Problem description:
Write the listing out again exactly as it stands, with no images.
*** Opening Records ***
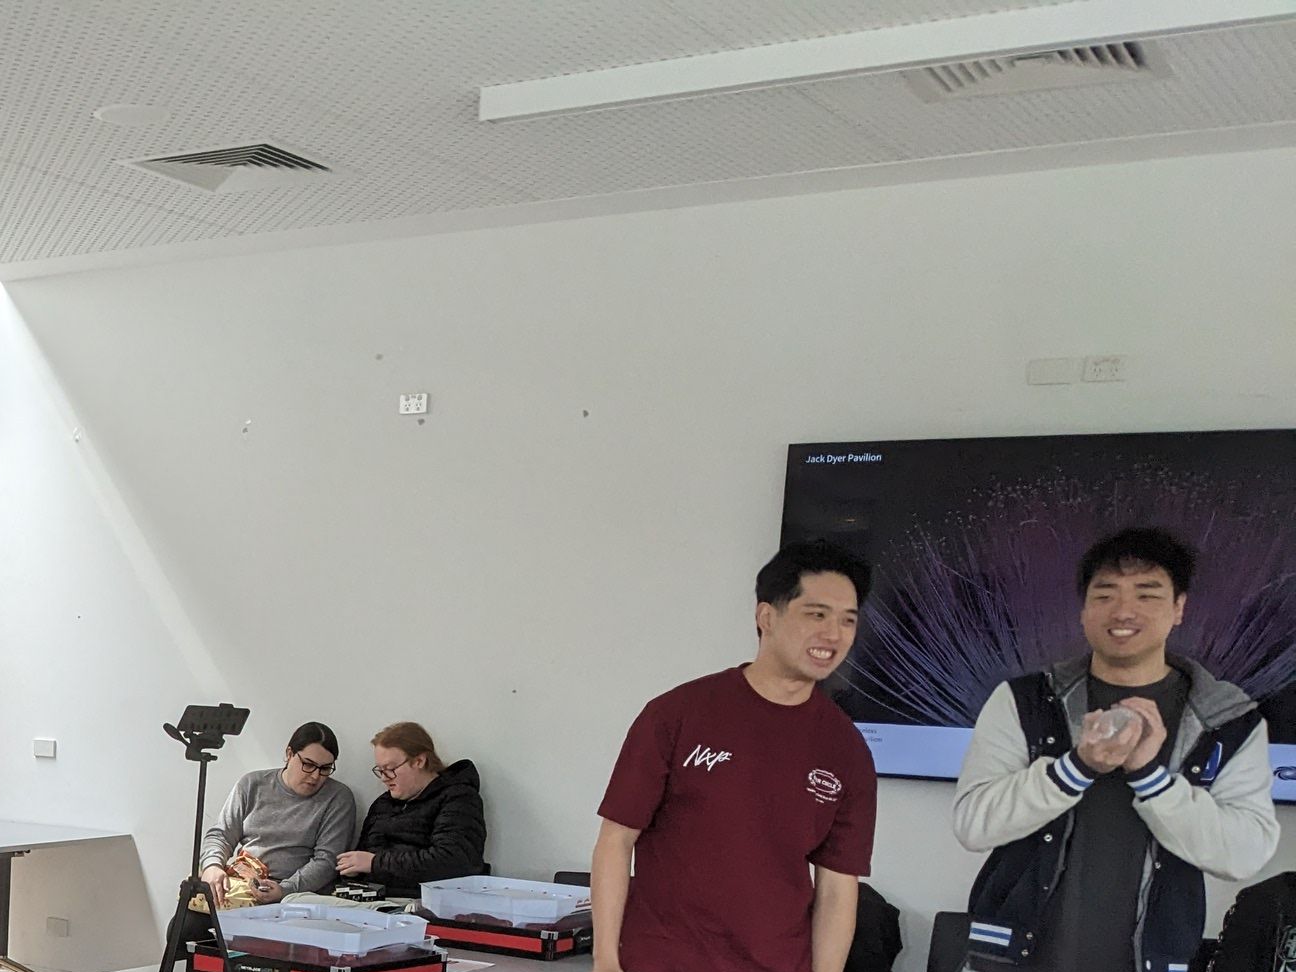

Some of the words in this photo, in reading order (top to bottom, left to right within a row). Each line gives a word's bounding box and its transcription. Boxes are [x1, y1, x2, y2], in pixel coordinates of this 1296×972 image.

[805, 454, 825, 463] Jack
[826, 454, 846, 465] Dyer
[847, 452, 882, 462] Pavilion
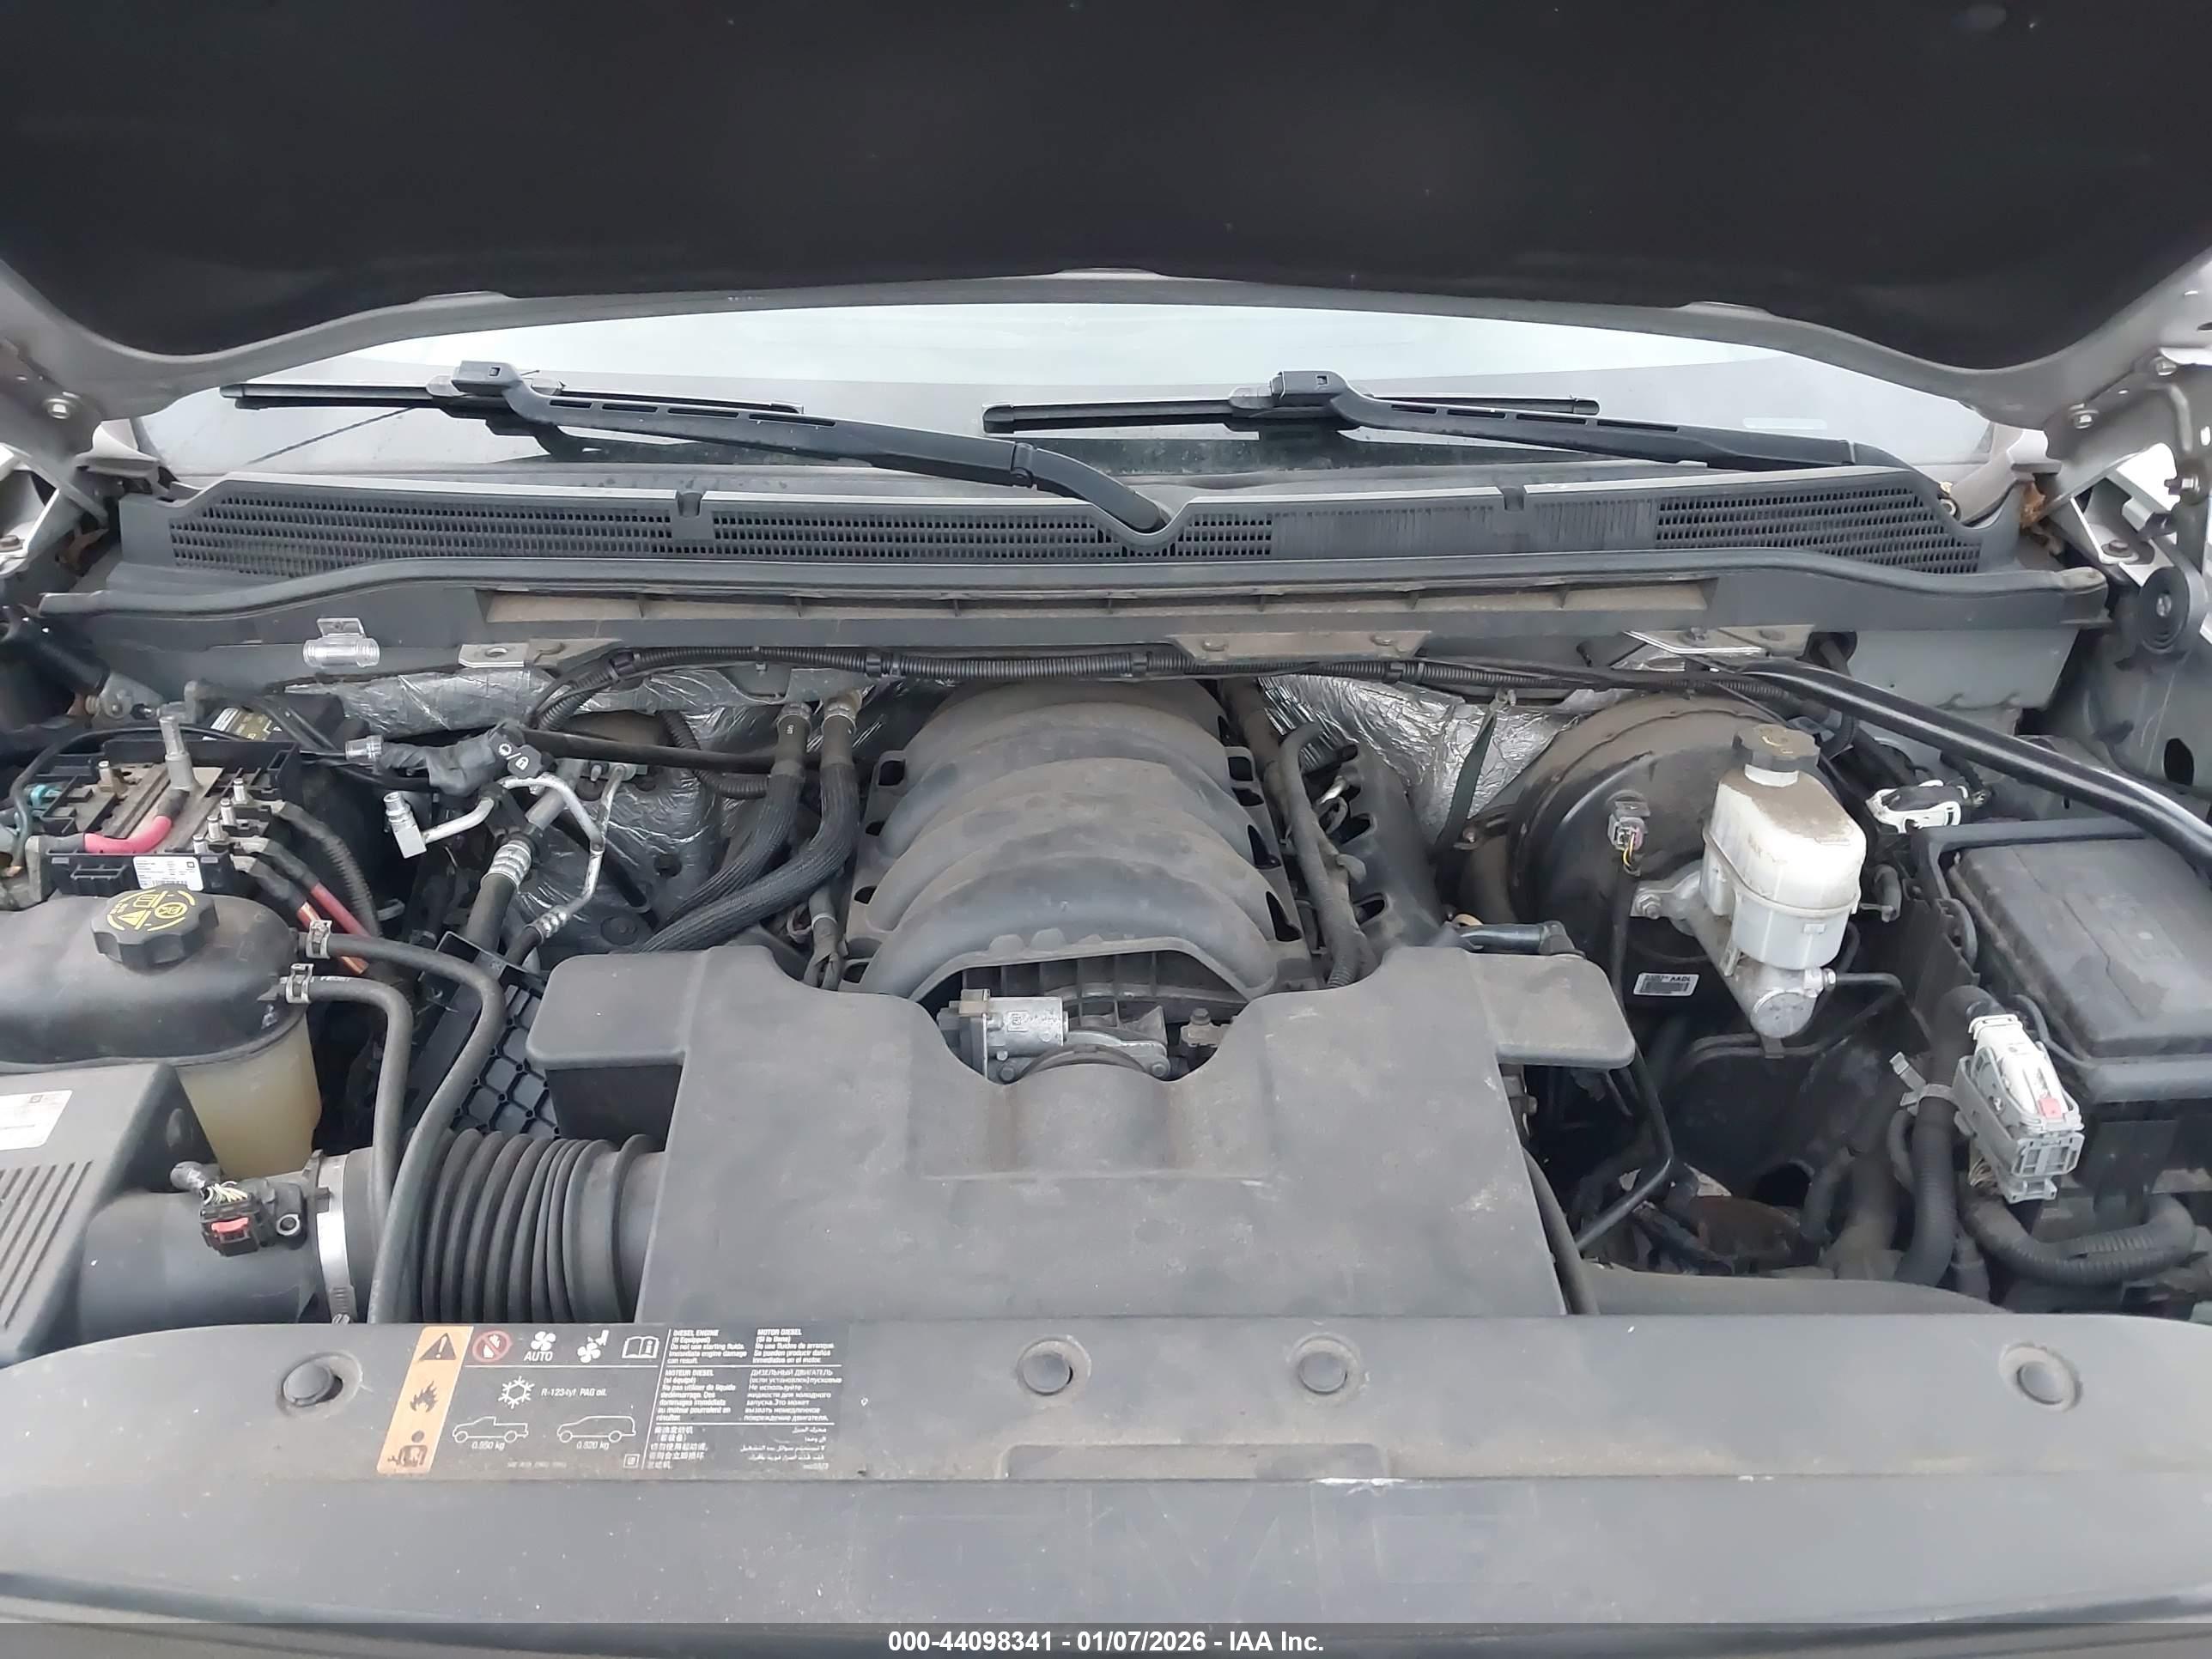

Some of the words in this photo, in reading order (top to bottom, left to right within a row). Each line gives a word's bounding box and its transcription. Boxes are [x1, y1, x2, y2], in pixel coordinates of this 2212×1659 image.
*** Closing Records ***
Answer section:
Some of the words in this photo, in reading order (top to bottom, left to right within a row). Each line gives a word's bounding box and its transcription. Boxes are [x1, y1, x2, y2], in pixel coordinates of this 1296×972 image.

[805, 454, 825, 463] Jack
[826, 454, 846, 465] Dyer
[847, 452, 882, 462] Pavilion

Some of the words in this photo, in reading order (top to bottom, left to right within a row). Each line gives a word's bounding box and its transcription. Boxes are [x1, y1, x2, y2], in pixel coordinates of this 2212×1659 image.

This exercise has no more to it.